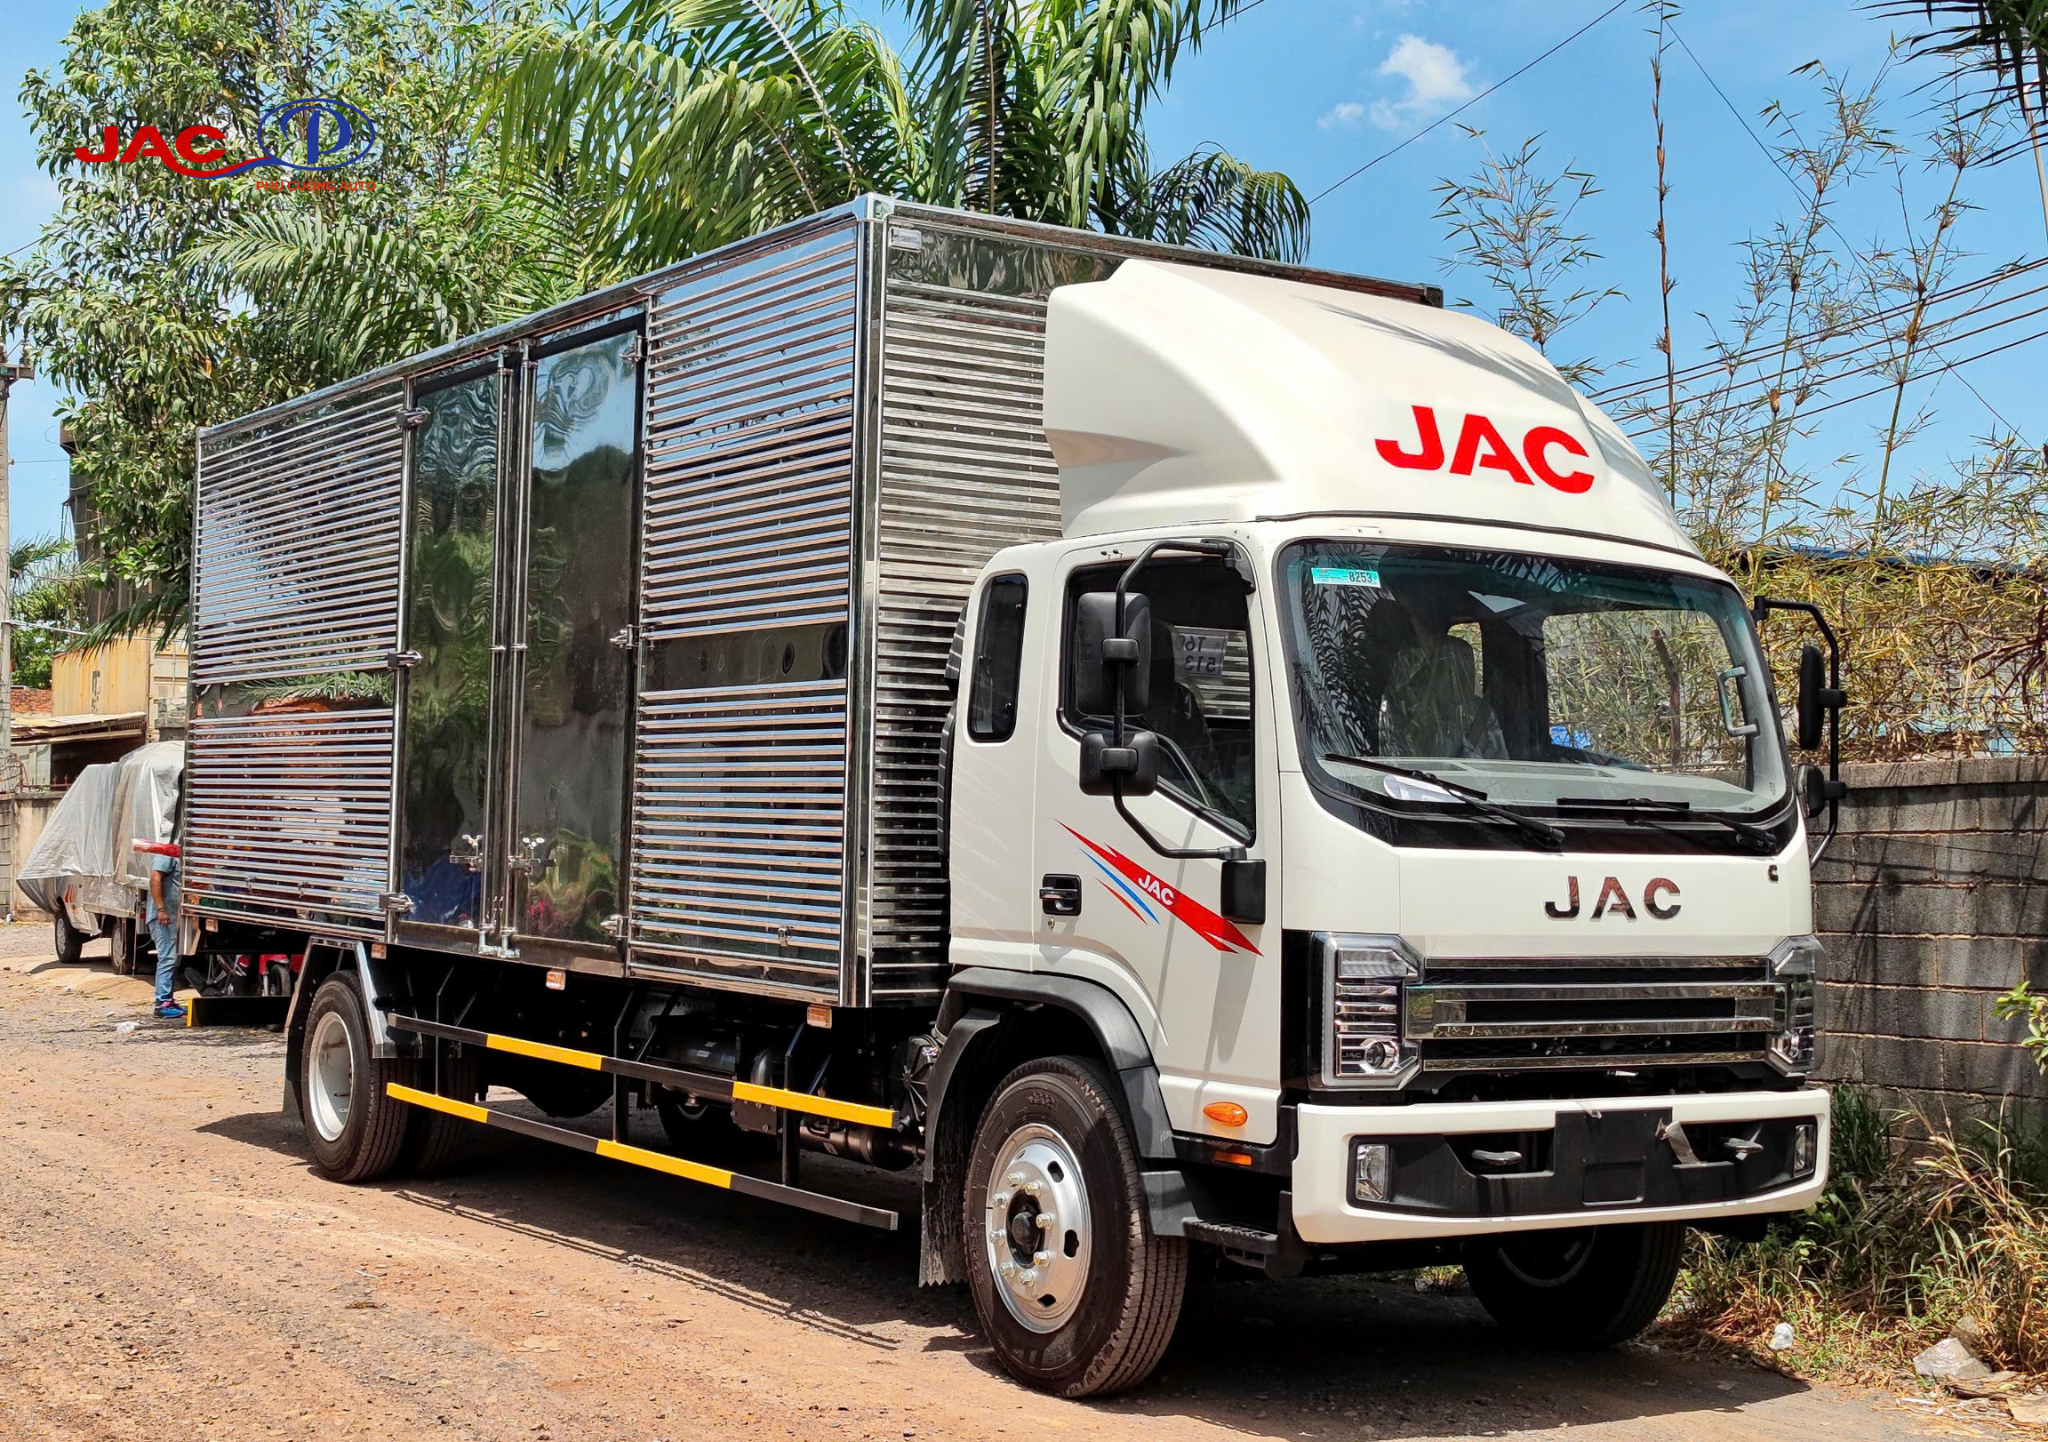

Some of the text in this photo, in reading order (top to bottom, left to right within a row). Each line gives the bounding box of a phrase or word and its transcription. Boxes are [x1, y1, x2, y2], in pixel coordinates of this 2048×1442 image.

[1374, 404, 1595, 494] JAC
[1348, 571, 1373, 583] 8253
[1137, 874, 1175, 906] JAC
[1544, 875, 1682, 923] JAC

====

● TASK DETAILS: From the material above, reproduce everything verbatim except the pictures.

● FINAL ANSWER:
Some of the text in this photo, in reading order (top to bottom, left to right within a row). Each line gives the bounding box of a phrase or word and its transcription. Boxes are [x1, y1, x2, y2], in pixel coordinates of this 2048×1442 image.

[1374, 404, 1595, 494] JAC
[1348, 571, 1373, 583] 8253
[1137, 874, 1175, 906] JAC
[1544, 875, 1682, 923] JAC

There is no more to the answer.